O governador de Minas Gerais, Mateus Simões (PSD), exonerou o secretário de Governo, Castellar Neto (PP), e mais 20 comissionados da pasta. As saídas passam a valer a partir desta sexta-feira (31) e vêm na esteira do rompimento entre o governador e o ex-secretário de Governo Marcelo Aro (PP).

Para o lugar de Castellar Neto assume Juliano Fisicaro Borges, até então secretário adjunto da pasta. Castellar Neto já havia se despedido dos colegas na quinta-feira (30). A exoneração seria publicada no Diário Oficial.

O rompimento

O estremecimento veio a público na quinta-feira, quando Simões confirmou a saída do grupo de Aro da administração estadual. Segundo o governador, o ex-secretário informou que vinha negociando havia semanas a própria candidatura ao governo do estado.

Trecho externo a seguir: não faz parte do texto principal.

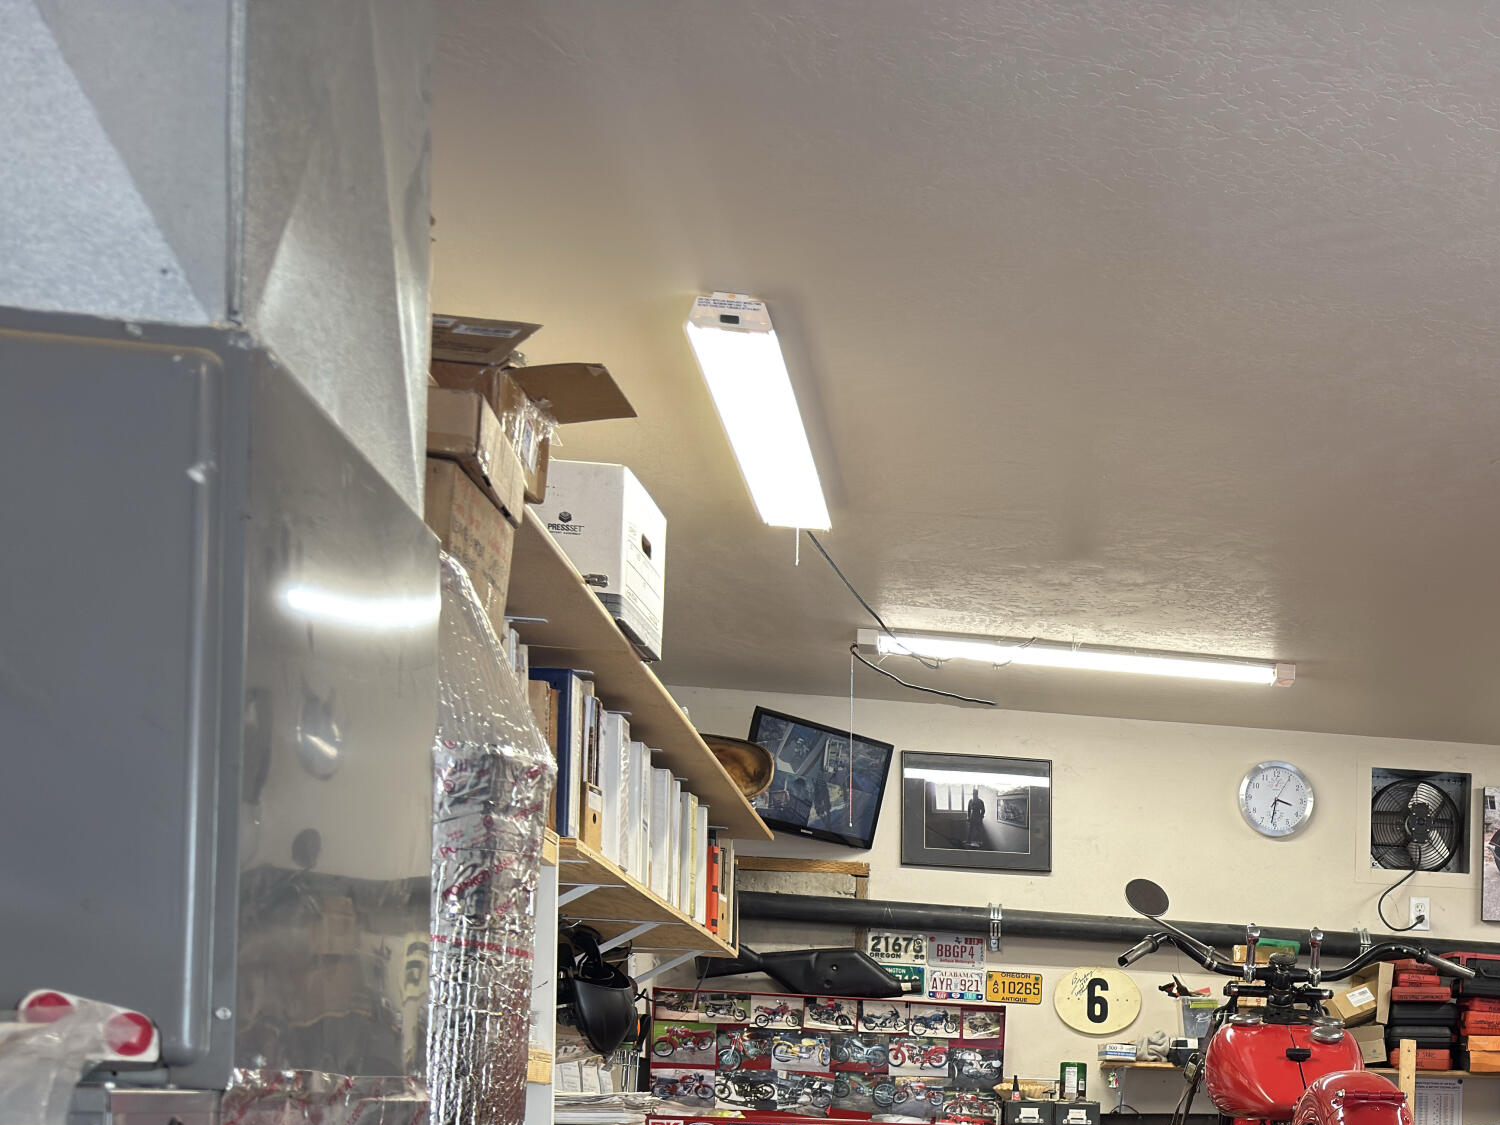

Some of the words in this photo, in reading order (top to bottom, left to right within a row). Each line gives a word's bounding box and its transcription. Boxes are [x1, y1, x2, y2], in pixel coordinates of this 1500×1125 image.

[939, 971, 973, 979] ALABAMA
[931, 977, 951, 991] AYR
[959, 979, 981, 992] 921
[1001, 981, 1040, 995] 10265
[1087, 978, 1108, 1023] 6

"O ex-secretário Marcelo Aro me comunicou hoje que está há algumas semanas negociando a candidatura dele ao governo do estado", disse Simões, acrescentando que "a decepção é um pouco maior, porque foi abrigado no governo durante quatro anos".

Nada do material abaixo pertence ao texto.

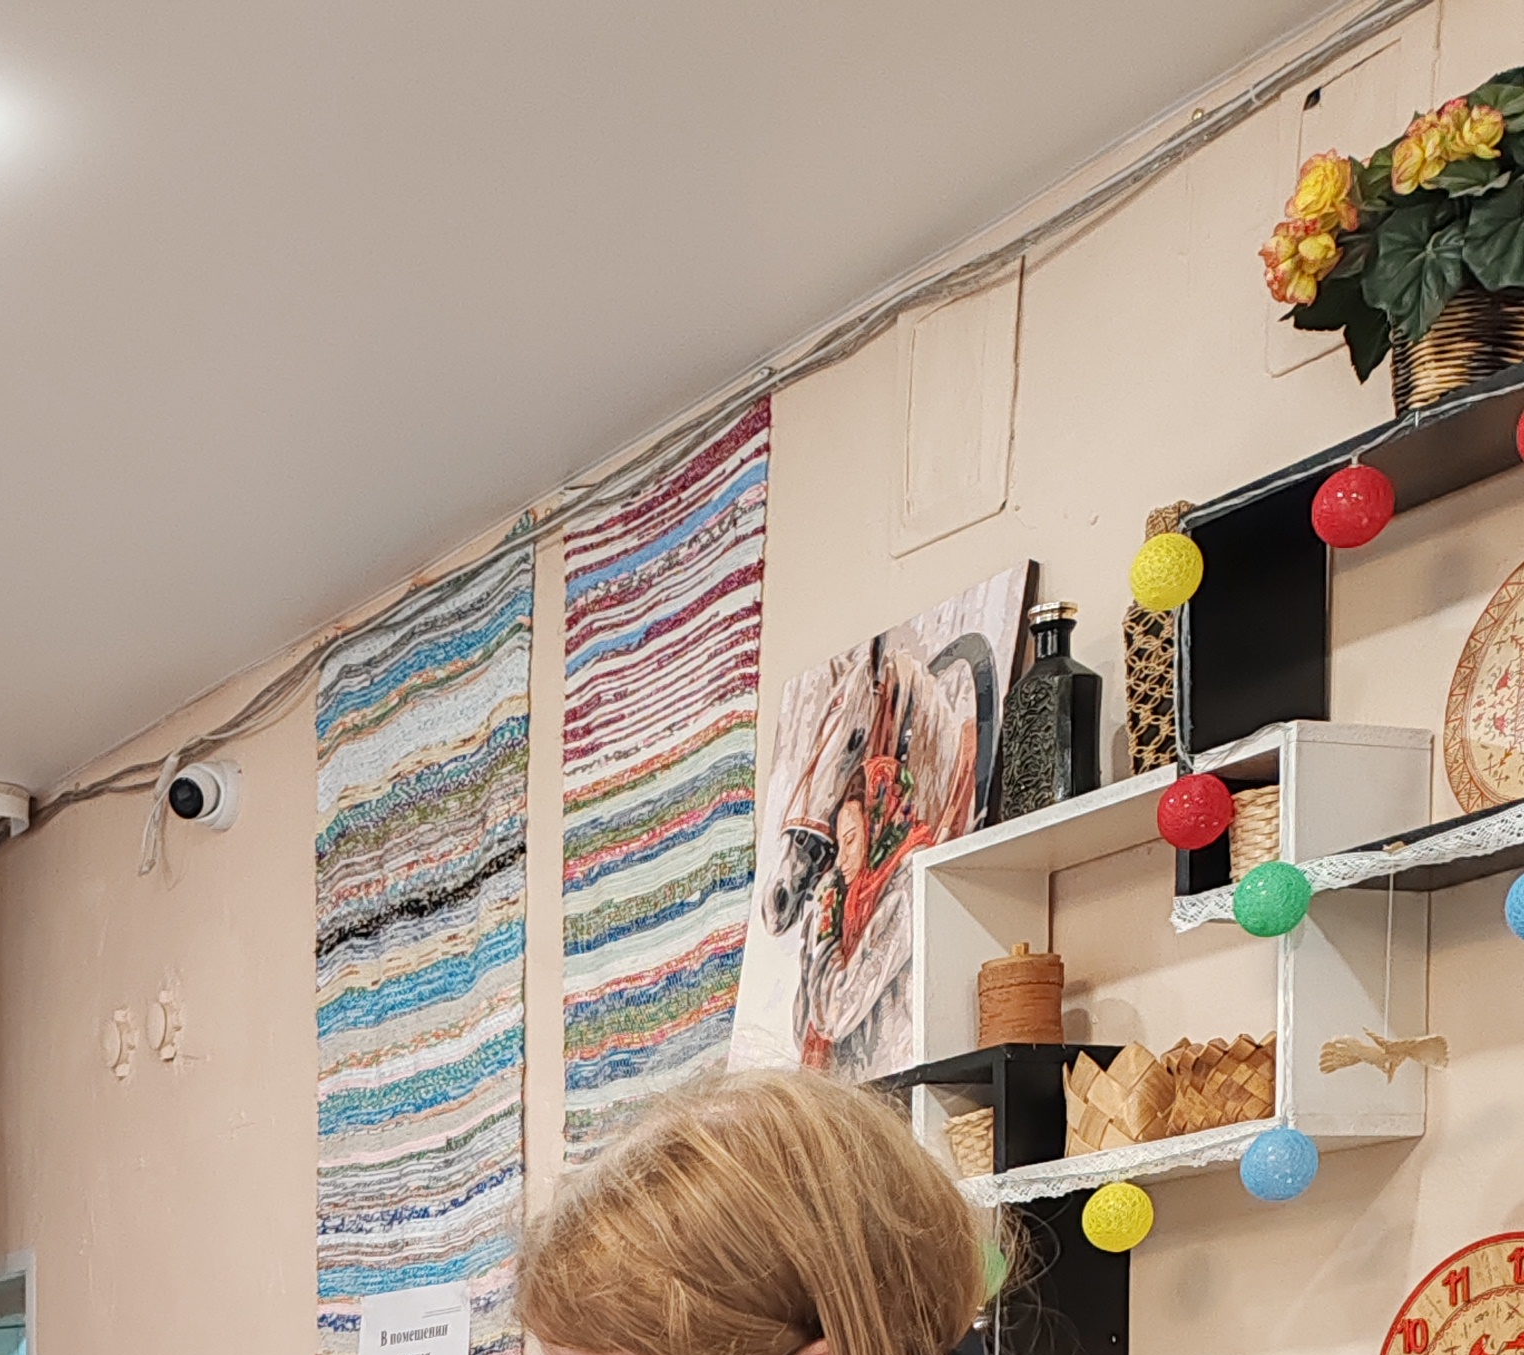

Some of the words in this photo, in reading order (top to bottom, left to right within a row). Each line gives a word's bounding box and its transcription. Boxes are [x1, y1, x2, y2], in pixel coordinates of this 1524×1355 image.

[1441, 1265, 1471, 1307] 11
[379, 1330, 388, 1348] В
[390, 1324, 449, 1345] помещении
[1395, 1317, 1429, 1355] 10

Em outra declaração sobre o episódio, o governador afirmou que Aro passou "4 anos parasitando" o Executivo mineiro: "depois de por 4 anos ter parasitado o Governo de Minas Gerais, aparentemente, para nutrir um projeto que é absolutamente pessoal". Simões classificou a articulação como uma traição ao povo mineiro e ao ex-governador Romeu Zema (Novo).

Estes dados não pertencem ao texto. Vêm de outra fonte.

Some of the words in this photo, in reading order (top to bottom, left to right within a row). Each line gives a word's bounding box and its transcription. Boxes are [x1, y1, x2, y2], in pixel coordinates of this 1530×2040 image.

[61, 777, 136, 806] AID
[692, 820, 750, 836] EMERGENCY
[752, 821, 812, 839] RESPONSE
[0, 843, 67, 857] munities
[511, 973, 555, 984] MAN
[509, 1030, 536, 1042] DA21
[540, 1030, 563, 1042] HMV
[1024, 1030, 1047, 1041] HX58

Do Senado à disputa pelo governo

Aro chefiou a Casa Civil na gestão Zema e depois comandou a Secretaria de Governo. Deixou a pasta para se dedicar à carreira eleitoral, e foi sucedido por Castellar Neto, empossado em 8 de abril, em Poços de Caldas, no Sul de Minas.

A rota inicial de Aro era o Senado — vaga que, segundo as reportagens sobre o rompimento, Simões havia prometido a ele. Nas últimas semanas, porém, o ex-secretário mudou de estratégia e passou a se posicionar como candidato ao governo do estado pela federação União-PP, ao lado de PL e Republicanos, em rota de colisão com o próprio governador.

Mateus Simões foi empossado governador de Minas Gerais em 22 de março de 2026, em reunião solene do plenário da Assembleia Legislativa (ALMG), após a saída de Romeu Zema.